Controlli dopo uno sbarco

di F.T.

C’è anche un poliziotto di Terni – in forza all’Ufficio prevenzione generale e soccorso pubblico – fra i tre casi conclamati di Tbc riscontrati fra gli agenti impegnati nell’operazione di accoglienza Mare Nostrum. La notizia, emersa a luglio, è stata rilanciata dal segretario nazionale del Sap – sindacato autonomo di polizia – nel corso dell’accesa polemica che coinvolge direttamente il mondo della politica e gli stessi sindacati delle forze dell’ordine.

L’infezione Nel caso dell’agente ternano, l’infezione sarebbe in una forma latente e quindi non contagiosa, decisamente meno grave della malattia tubercolare ‘attiva’. Per evitare che l’infezione si trasformi in vera e propria Tbc – ci sarebbe solo una possibilità su dieci – è necessaria comunque una pesante terapia antibiotica.
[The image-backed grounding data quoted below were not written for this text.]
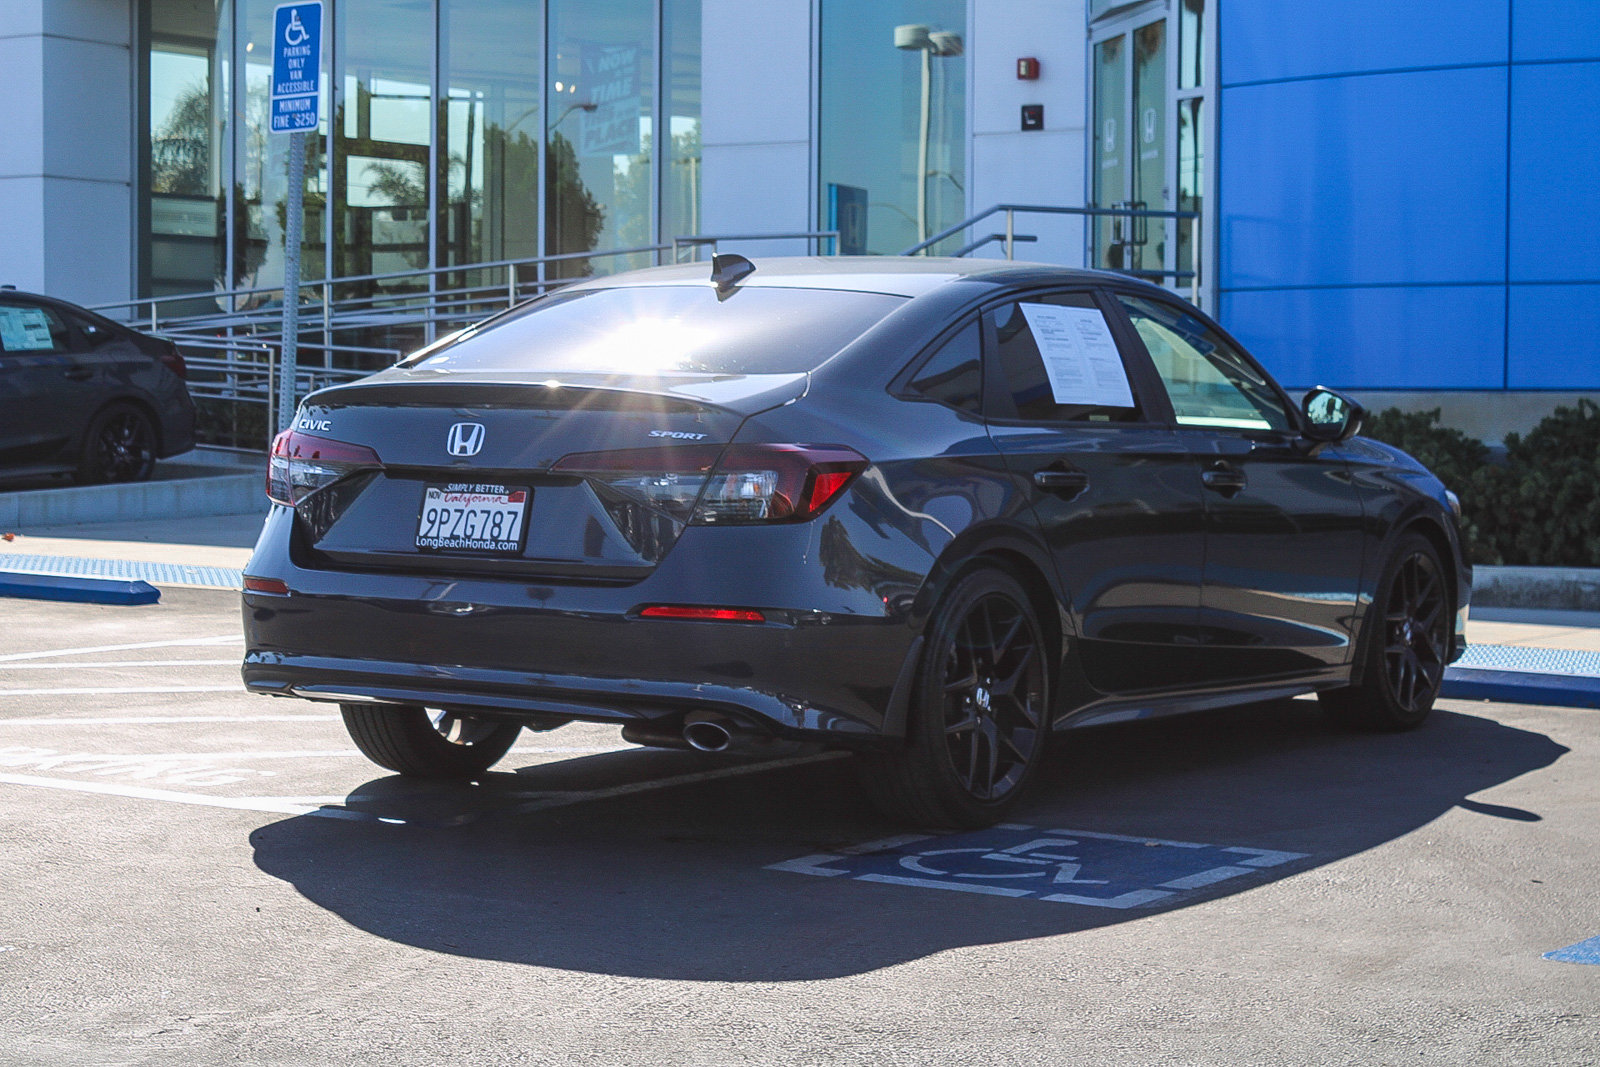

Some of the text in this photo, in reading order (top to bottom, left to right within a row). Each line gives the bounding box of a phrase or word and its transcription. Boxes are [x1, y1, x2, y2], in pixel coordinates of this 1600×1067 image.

[283, 45, 311, 58] PARKING
[288, 57, 305, 69] ONLY
[289, 69, 303, 81] VAN
[277, 80, 315, 94] ACCESSIBLE
[279, 98, 311, 113] MINIMUM
[273, 112, 316, 129] FINE $250
[299, 418, 332, 432] CIVIC
[648, 430, 708, 440] SPORT
[447, 483, 504, 493] SIMPLY BETTER
[428, 491, 508, 506] NOV California
[424, 508, 519, 541] 9PZG787
[416, 536, 518, 551] LongBeachHonda.com
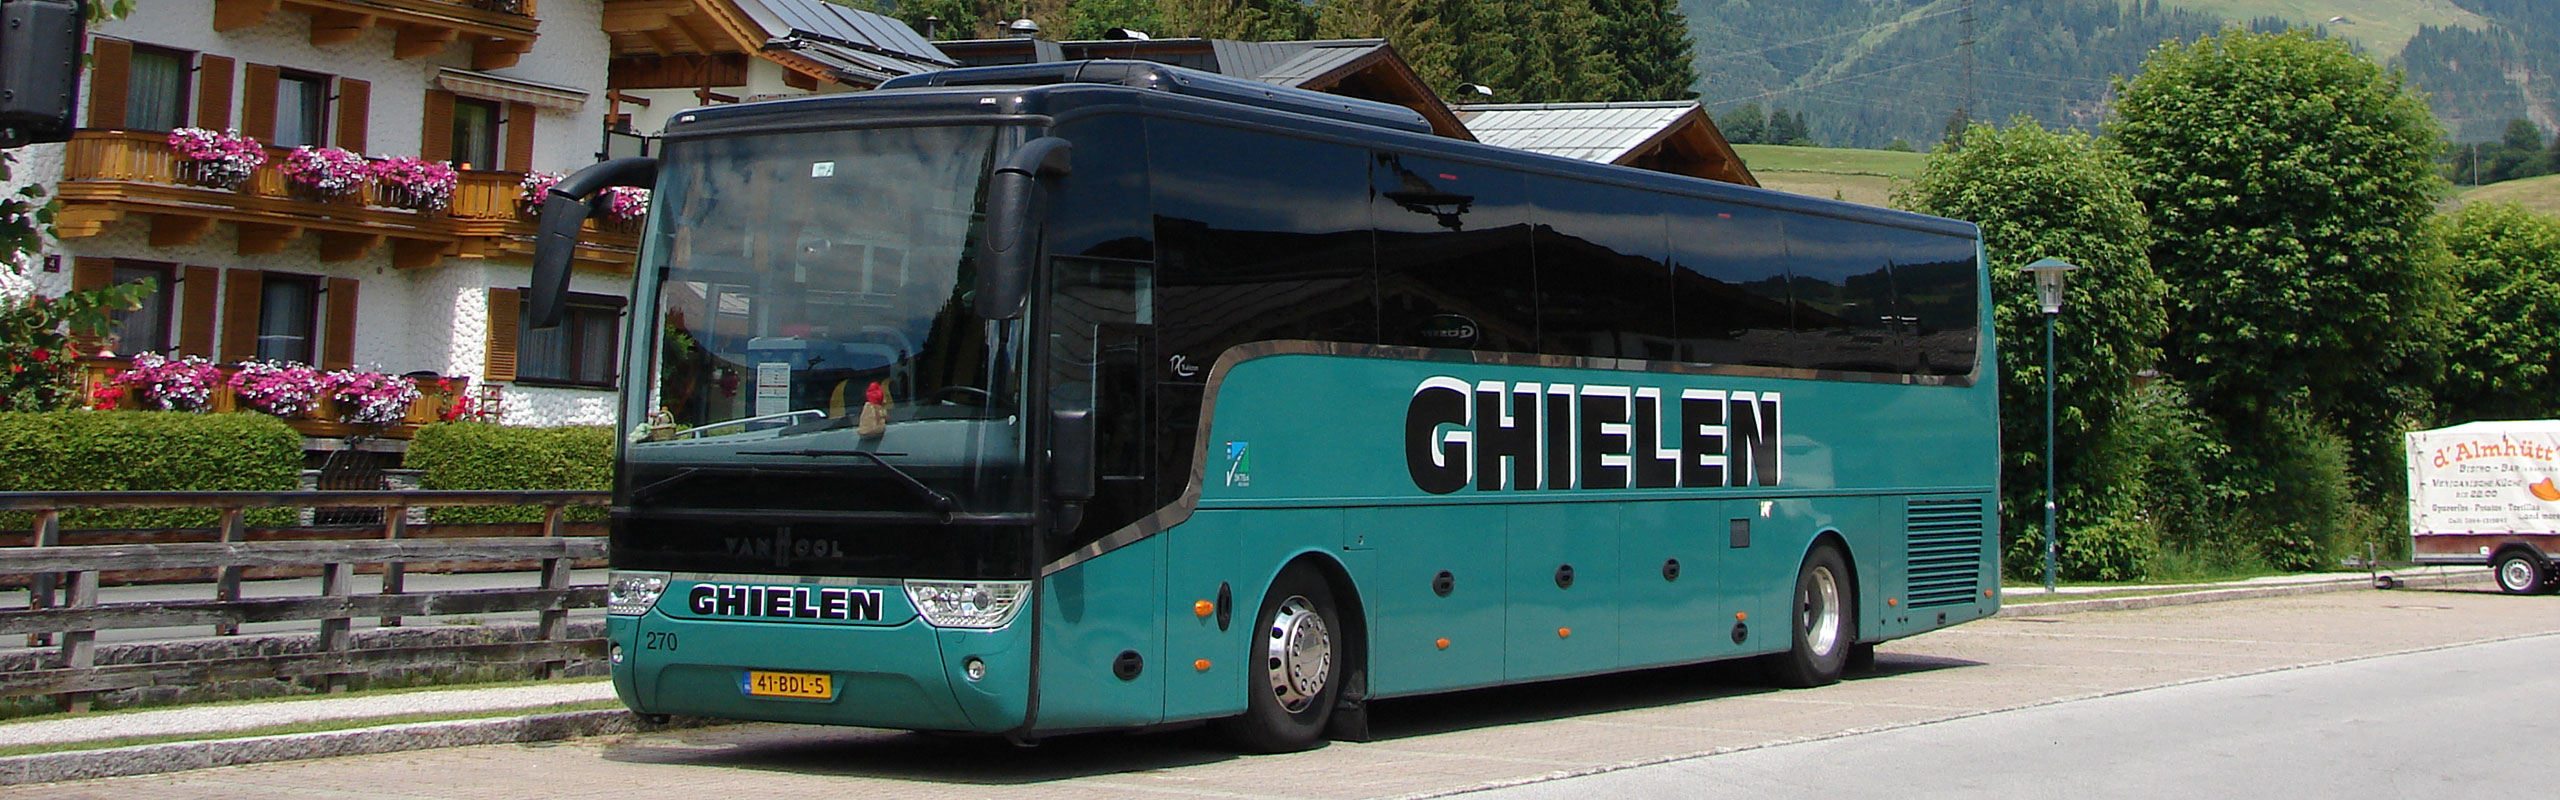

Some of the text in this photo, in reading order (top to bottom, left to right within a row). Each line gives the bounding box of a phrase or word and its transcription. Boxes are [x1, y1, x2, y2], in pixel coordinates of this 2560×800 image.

Gli altri due casi sono stati riscontrati a Bologna e Ferrara.

Numeri A lanciare per primo l’allarme a luglio era stato il deputato del M5S Filippo Gallinella che aveva parlato di «dieci agenti positivi al test Tbc su 580 sottoposti ad esami, uno dei quali – il poliziotto ternano – avrebbe contratto l’infezione». Numeri e dati che con il passare dei giorni hanno assunto contorni più definiti, anche per voce del Sap che ha ‘corretto il tiro’ rispetto a quanto dichiarato dal sindacato Consap («40 agenti positivi in tutta Italia al test di Mantoux») e poi rilanciato da Beppe Grillo sul suo blog («50 mila poliziotti a rischio»).

Il problema Il segretario nazionale del Sap Gianni Tonelli ha confermato il numero – quaranta – di agenti positivi al test preliminare della ‘tubercolina’, limitando però a tre il numero dei casi conclamati che, come nel caso del poliziotto di Terni, sono stati adeguatamente trattati. Per Tonelli comunque «il problema esiste, visto che i poliziotti sono costantemente in contatto con soggetti tossicodipendenti, alcolisti cronici, psicolabili, immigrati e rischiano di compromettere la propria salute perché, soprattutto per quel che riguarda l’operazione Mare Nostrum, mancano idonee misure di prevenzione e profilassi».

Il sindacato Un punto di vista rilanciato con forza anche da Roberto Fioramonti e Angelo Vittori, rispettivamente segretario regionale (Umbria) e provinciale (Terni) del Sap. Il primo ricorda come sia stato proprio il sindacato a «verificare direttamente le condizioni di lavoro all’interno del centro di prima accoglienza di Pozzallo, distribuendo mascherine agli agenti e toccando con mano una realtà segnata da controlli scarsi e insufficienti. Siamo stati i primi – ricorda – anche a lanciare l’allarme Ebola in una fase in cui il ministero della salute si affrettava a spiegare che mai si sarebbero registrati casi al di fuori dei paesi di provenienza. Un punto di vista, poi, puntualmente smentito».

«Controlli assenti» Fioramonti parla di «controlli insufficienti a fronte degli sbarchi di clandestini (oltre 120 mila nel 2014, fino ad ora, ndR), con medici che salgono da soli a bordo di barconi pieni zeppi di persone, ne visitano quattro o cinque a campione e in base ai risultati dichiarano se possono scendere tutti o meno». Un filtraggio praticamente assente, soprattutto a fronte di malattie che hanno periodi di incubazione piuttosto lunghi.

Terni Concetti condivisi anche da Angelo Vittori (Sap Terni): «Purtroppo il lavoro ci espone a rischi diretti che le poche misure di prevenzione, come le stesse mascherine, non possono eliminare del tutto. In questo la questura di Terni si è dimostrata attenta e collaborativa, ma le misure disposte dal ministero si sono rivelate assolutamente insufficienti». Oltre a chi viene spedito in ‘missione’ nei centri di accoglienza, ci sono tanti agenti che devono sobbarcarsi lunghi viaggi per accompagnare soggetti detenuti o clandestini nelle strutture dove avviene l’identificazione e l’espulsione coattiva. Tragitti in ambienti chiusi e che spesso durano ore.

Il caso «La realtà – spiega Vittori – è che servono specifici presidi sanitari. Come sindacato, due mesi fa ci siamo trovati di fronte a una situazione seria di persone immigrate, giunte nei nostri uffici senza aver effettuato alcuna profilassi medica preventiva. Da lì scaturì un caso di scabbia con il contagio di un parroco che li aveva accolti in Valnerina. Come sindacato ci siamo adoperati direttamente per tamponare il problema, ma poco si può fare quando i controlli all’origine sono praticamente inesistenti».